Rosebud needs your help. And so does the organization that saved her life.
After a busy year unlike any before, the Lake Cowichan Animal Rescue Society is in “dire” need of monetary donations — contributions from new supporters, not just the regular ones — in order to continue its operations.
“We are at a point now where we’ve had to halt our subsidy program, [which helps] low-income people,” said LCARS director Mick Beddard. “We’ve had to nip that in the bud until next fall because we just don’t have the funds to carry on… Whatever funds we do have come in are going to have to go towards all the little ones we’re dealing with now.”
This year has been unexpectedly tough on the organization. For starters, the Kensington Foundation for Animals In Crisis, which had regularly given LCARS substantial donations (including $7,800 in 2015) closed down.
“They were sort of like the golden goose. It was great while they were around. It definitely made a difference,” said Mick. “You get sort of used to counting on a particular funding source and then shoot, they aren’t here anymore.”
The Kensington Foundation was the society’s major financial contributor.
However, losing that support was only part of the reason this year has been such a challenging one for the organization. It has also been a year in which the society was inundated with more cats and kittens than ever before, all in need of homes and care. To date, they’ve taken in 20 adult cats and almost 80 kittens.
And while the society has seen large years before, the demand for their services was spread out from January to December.
“Instead of this year concentrated all in four months. We didn’t get nothing until the middle of June. Then all of a sudden it was like the flood gates were open. It was like a tsunami.”
Mick and his wife, Barb, who is also operations manager for LCARS, do much of the society’s work out of their house. There they keep the cats and kittens in cages until they can be adopted out; administer medications; and help socialize the animals.
It may not be easy, but both Mick and Barb agree the work is incredibly rewarding.
The perfect example: Rosebud.
In September, LCARS took in a pregnant cat. Its owners weren’t giving it up, but knew they could not handle taking care of those forthcoming kittens. LCARS agreed to take the cat in until it had given birth, then have the animal spayed and returned to the owners. The society would keep care of the kittens until they’re old enough to be adopted.
Things didn’t turn out that way.
The kittens were born two weeks prematurely, and to make matters worse, the mother cat rejected all six of them and wouldn’t allow them to nurse.

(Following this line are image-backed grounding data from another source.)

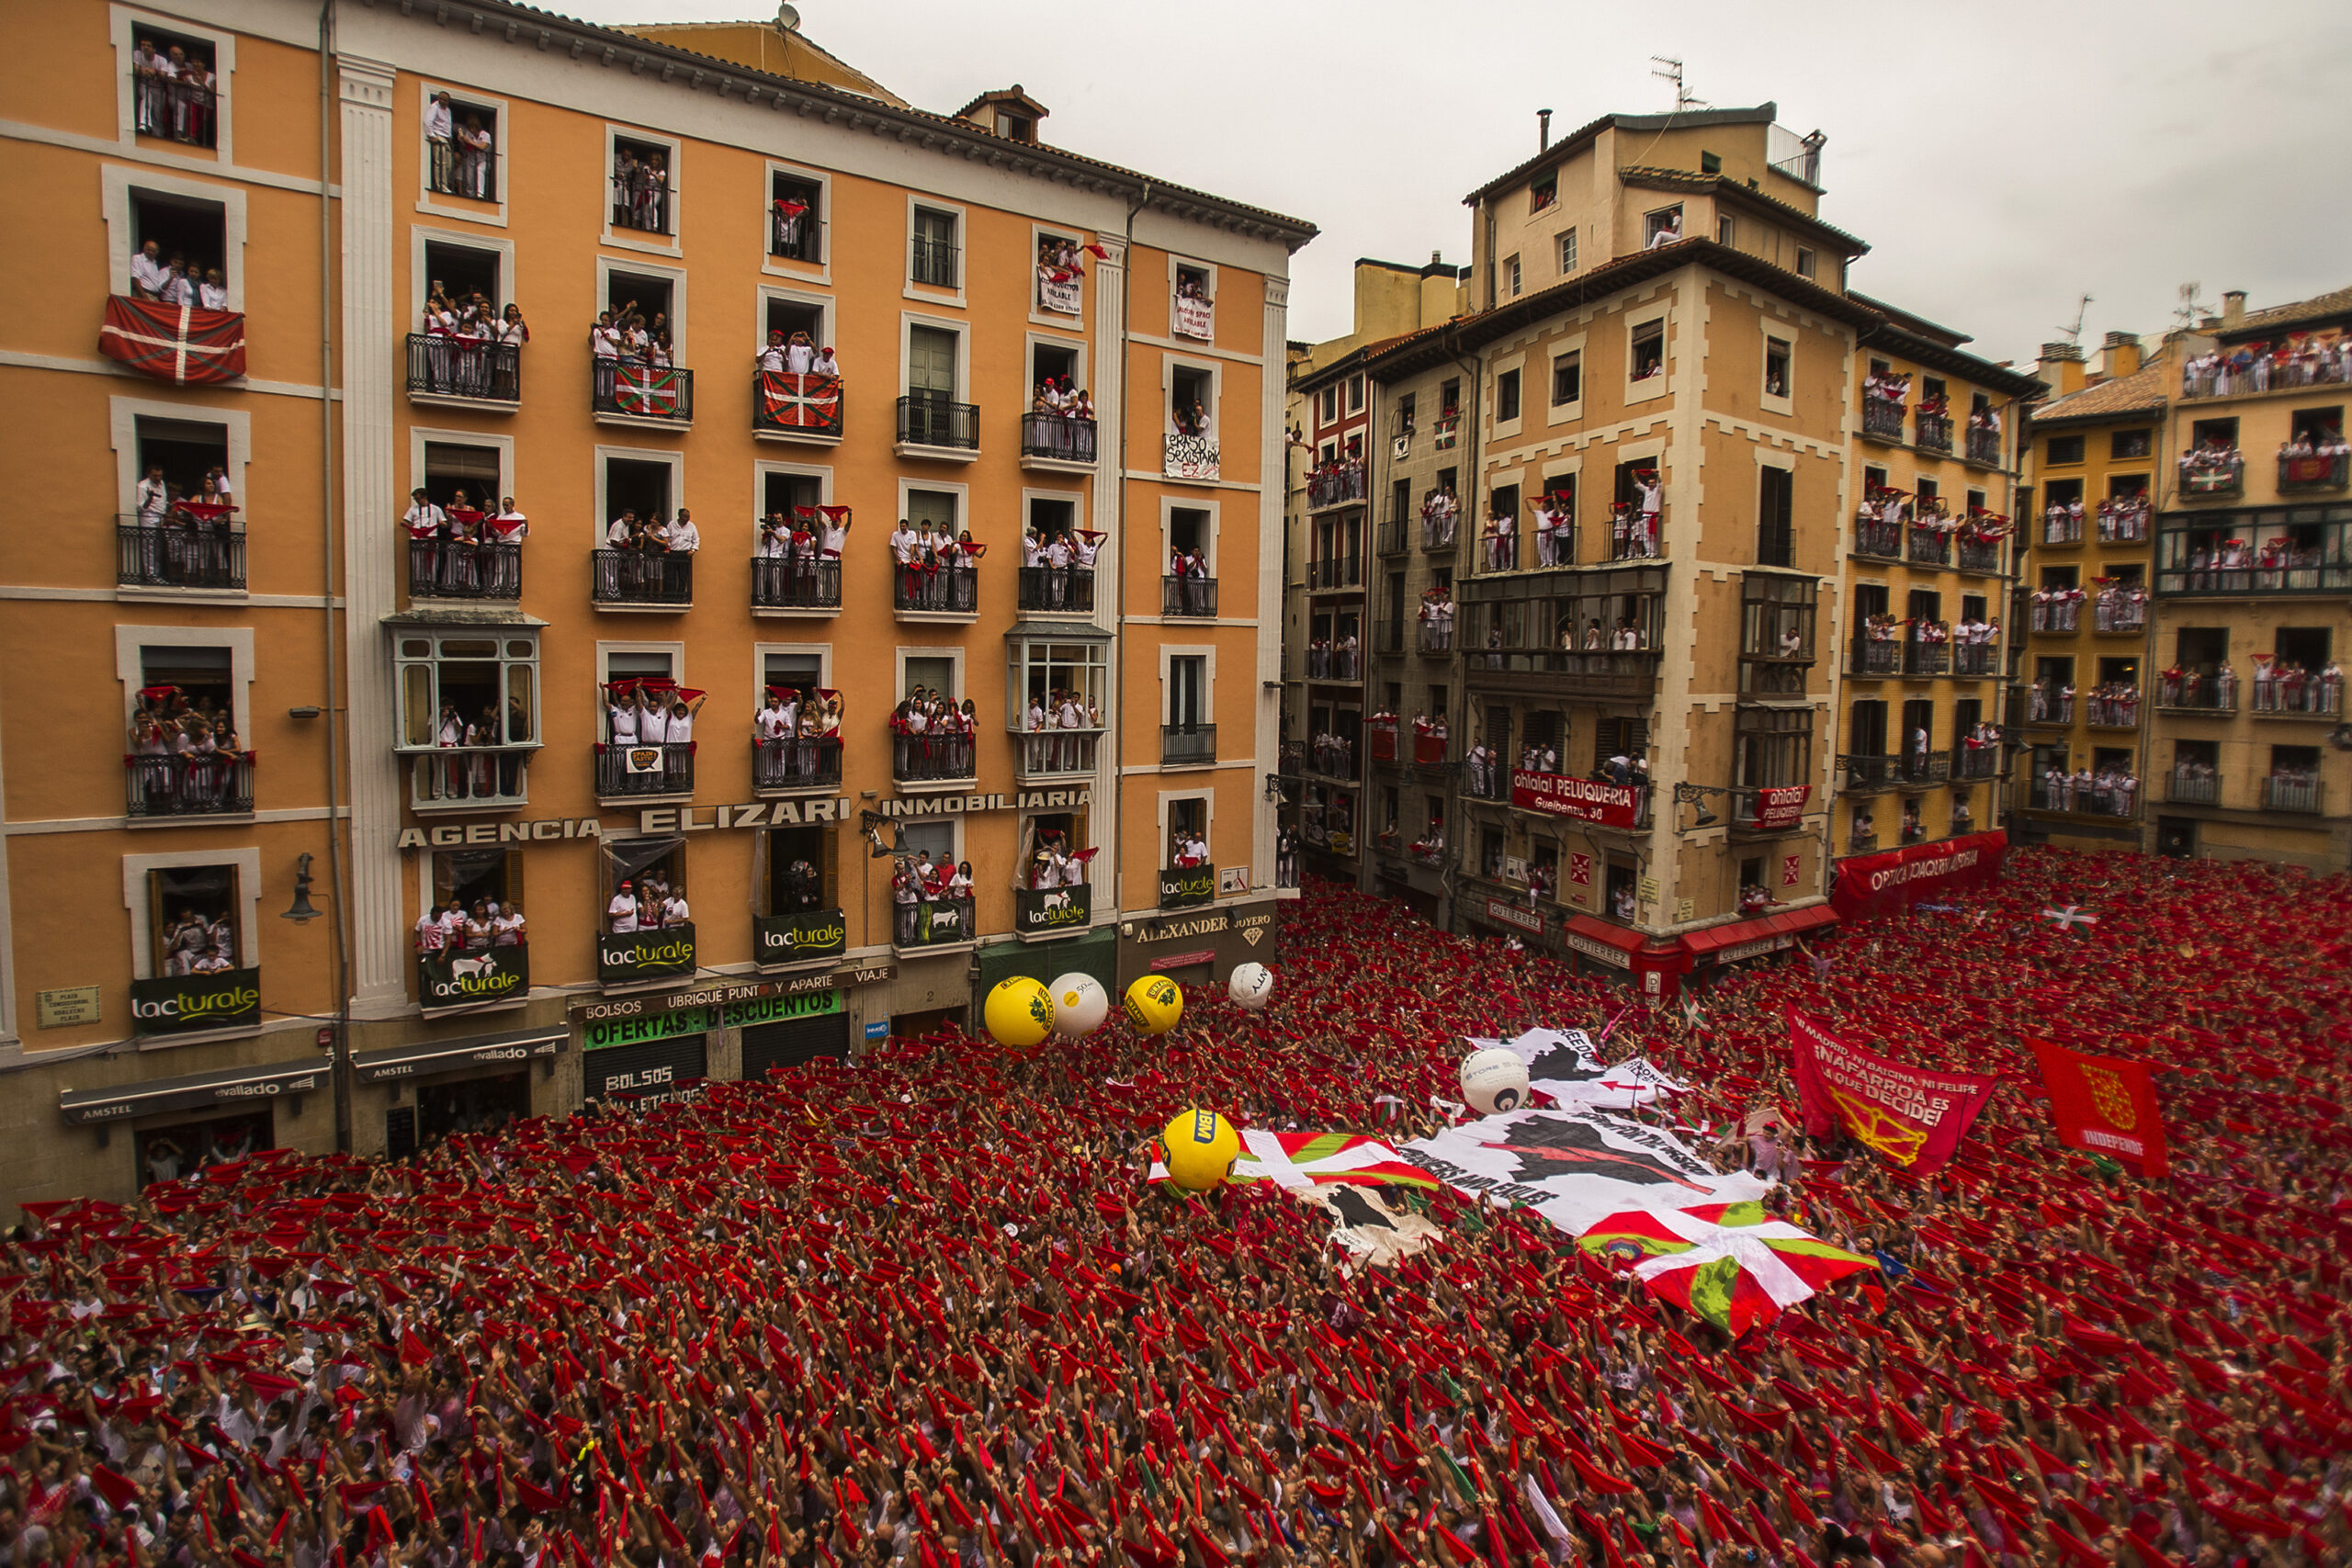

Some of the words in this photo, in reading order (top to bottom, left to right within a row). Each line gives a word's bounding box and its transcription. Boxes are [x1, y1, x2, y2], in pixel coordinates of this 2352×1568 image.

[1182, 462, 1199, 479] EZ
[1514, 772, 1553, 794] ohlala!
[640, 797, 851, 834] ELIZARI
[882, 790, 1095, 817] INMOBILIARIA
[1589, 807, 1603, 820] 30
[396, 818, 603, 848] AGENCIA
[1161, 875, 1215, 895] lacturale
[1030, 905, 1085, 925] lacturale
[1491, 903, 1540, 929] GUTIERREZ
[764, 924, 844, 949] lacturale
[1136, 916, 1228, 944] ALEXANDER
[1233, 914, 1271, 929] JOYERO
[603, 941, 694, 967] lacturale
[1572, 936, 1627, 965] GUTIERREZ
[1723, 940, 1770, 960] GUTIERREZ
[431, 972, 520, 998] lacturale
[586, 1000, 642, 1020] BOLSOS
[668, 990, 723, 1009] UBRIQUE
[775, 982, 784, 993] Y
[789, 976, 833, 992] APARTE
[854, 967, 889, 984] VIAJE
[926, 991, 934, 1002] 2
[131, 986, 260, 1021] lacturale
[593, 1011, 688, 1045] OFERTAS
[707, 990, 833, 1028] DESCUENTOS
[373, 1065, 414, 1079] AMSTEL
[1804, 1025, 1850, 1059] MADRID,
[1852, 1054, 1867, 1066] NI
[1921, 1078, 1937, 1090] NI
[1938, 1082, 1979, 1096] FELIPE
[605, 1066, 673, 1091] BOLSOS
[82, 1104, 133, 1120] AMSTEL
[1834, 1072, 1863, 1092] QUE
[1865, 1083, 1944, 1128] DECIDE!
[1931, 1097, 1951, 1111] ES

“Six kittens just made her go wild and she wouldn’t have anything to do with them,” said Barb. “So I put them in a crate with a heater on the bottom and I got up every four hours, day and night, to feed them.”
This task was made all the more challenging when they learned the mother cat was sick with Coccidia — a parasite that causes damage to the lining of a intestinal tract — and had passed it on to the kittens when they were born. Barb and Mick bought medicine, treated the sick animals every 12 hours for seven days, and took them to the vet to check out their progress. This process had to be repeated two more times.

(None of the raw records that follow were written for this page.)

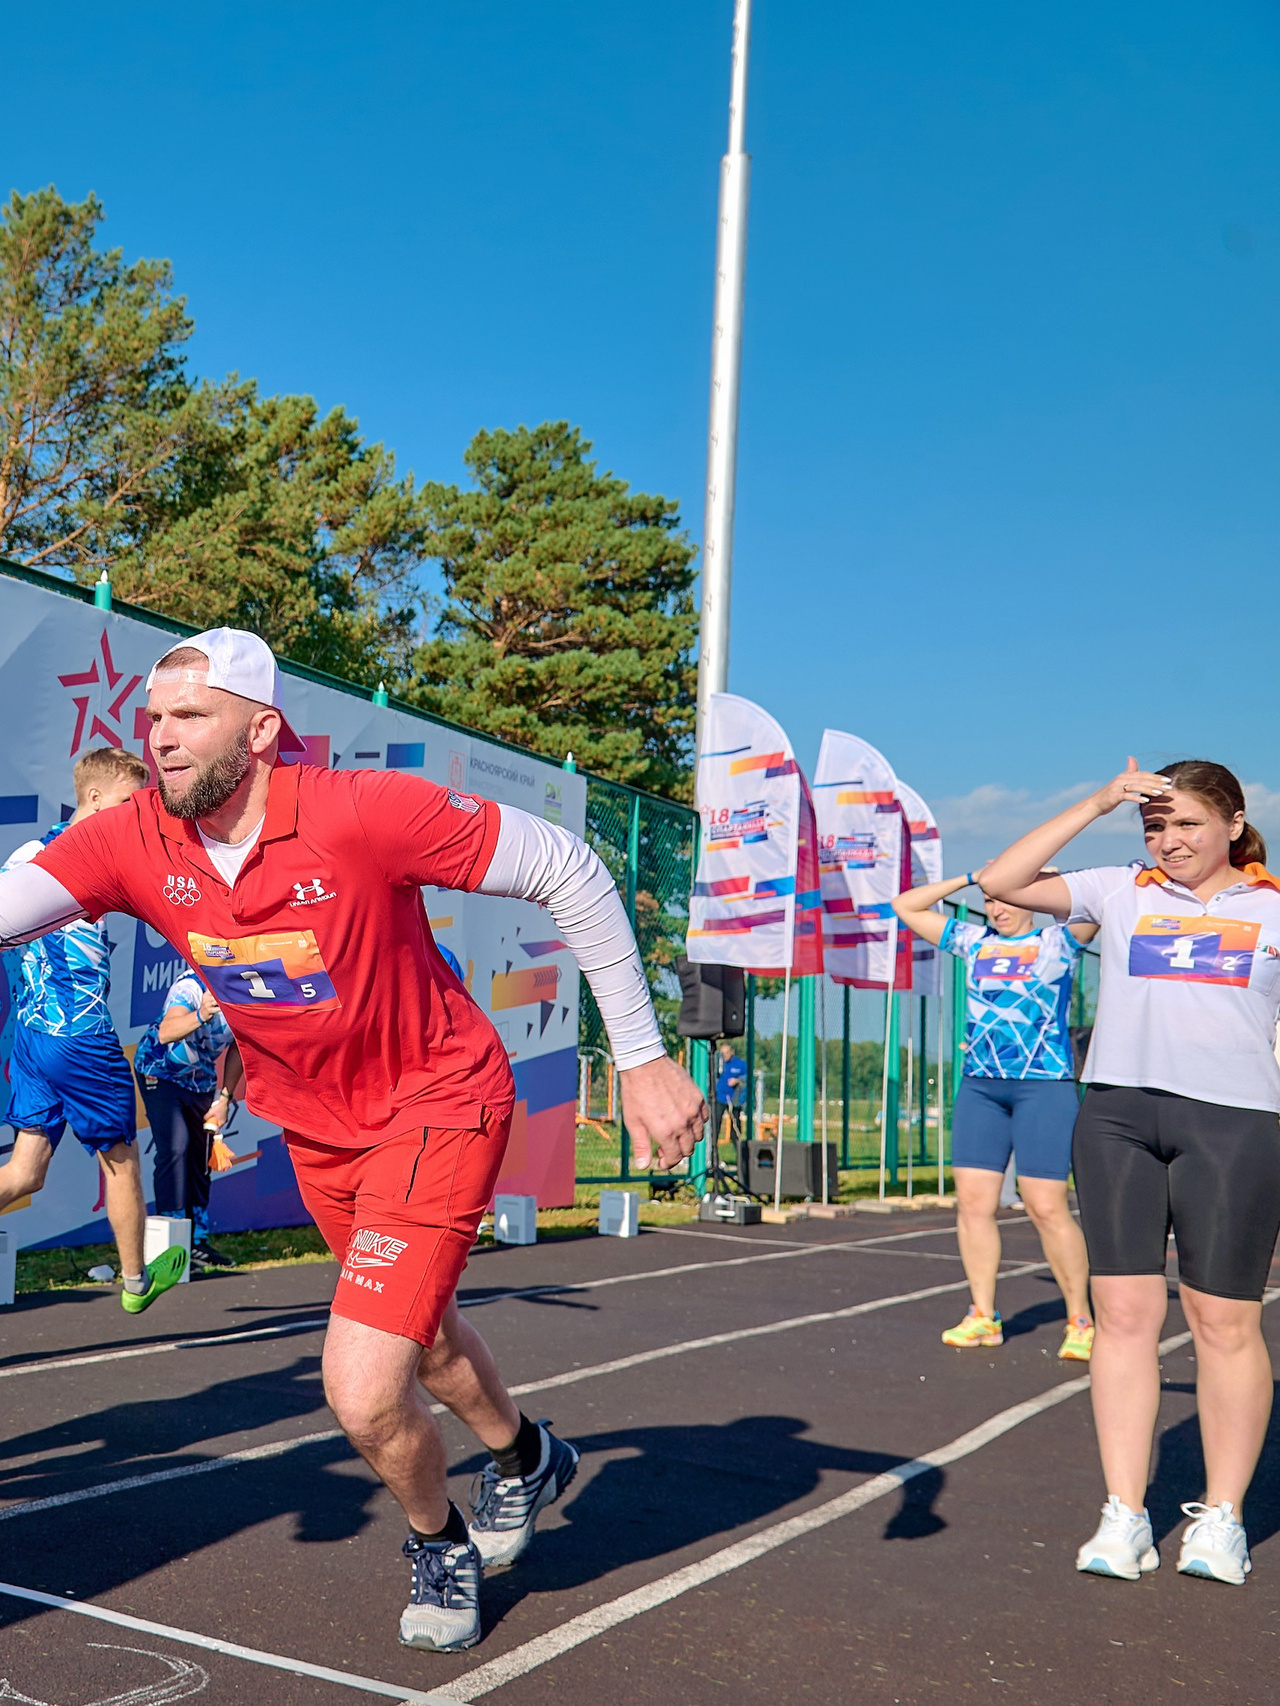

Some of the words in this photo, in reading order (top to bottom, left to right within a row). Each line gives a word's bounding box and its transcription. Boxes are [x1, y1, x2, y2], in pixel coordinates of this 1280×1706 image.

[709, 808, 729, 825] 18
[167, 874, 197, 889] USA
[991, 958, 1012, 974] 2
[1168, 939, 1195, 969] 1
[1221, 956, 1236, 971] 2
[142, 957, 189, 994] МИН
[239, 970, 276, 998] 1
[299, 982, 317, 998] 5
[351, 1228, 409, 1261] NIKE
[339, 1267, 354, 1282] AIR
[354, 1273, 385, 1294] MAX

However, the Coccidia persisted and, one by one, all the kittens died. All except Rosebud or “Rosie” as Barb calls her.
“She was the one,” said Barb. “She was the fighter.”
At 11 weeks old, Rosebud is about half the size of other kittens her age — she weighs about 500 grams — and can’t be adopted out until she’s at least a kilogram, but she’s healthy and slowly growing.
“She’s one of the special cases,” said Mick. He and Barb are clearly proud of the tiny half-siamese kitten with an equally tiny mew. She has a particular fondness for cuddling into people’s necks.
But the special cases often come with a hefty price tag. LCARS has already spent $400 on Rosebud’s medicine and vet trips related to the Coccidia, and she still has to eventually be spayed and vaccinated.
That’s why the society is making an urgent plea to the community for more monetary donations. The “tsunami” of kittens in need of help this year has really left the organization in dire financial straits.
“We’re always fundraising, always working at getting money coming in. But this is the first time in a number of years that we’ve been so inundated in the fall and have such a vet bill this time of year,” said Mick. “We need people to be kindly enough to donate some helping cash money… Just to get us over the hump.”
Donations can be made to the Lake Cowichan Animal Rescue Society at P.O. Box 41, Lake Cowichan.